Reproduce each entry below exactly as it appears.

Referring expression grounding data
══════════════════════════════

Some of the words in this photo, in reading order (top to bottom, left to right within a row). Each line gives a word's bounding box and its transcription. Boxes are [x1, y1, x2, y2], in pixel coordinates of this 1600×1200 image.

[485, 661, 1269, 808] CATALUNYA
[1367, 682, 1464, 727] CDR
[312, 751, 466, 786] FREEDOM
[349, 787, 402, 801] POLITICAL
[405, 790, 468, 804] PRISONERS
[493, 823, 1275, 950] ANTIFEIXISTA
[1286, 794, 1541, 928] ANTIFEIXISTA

══════════════════════════════

Result -
Some of the words in this photo, in reading order (top to bottom, left to right within a row). Each line gives a word's bounding box and its transcription. Boxes are [x1, y1, x2, y2], in pixel coordinates of this 1600×1200 image.

[485, 661, 1269, 808] CATALUNYA
[1367, 682, 1464, 727] CDR
[312, 751, 466, 786] FREEDOM
[349, 787, 402, 801] POLITICAL
[405, 790, 468, 804] PRISONERS
[493, 823, 1275, 950] ANTIFEIXISTA
[1286, 794, 1541, 928] ANTIFEIXISTA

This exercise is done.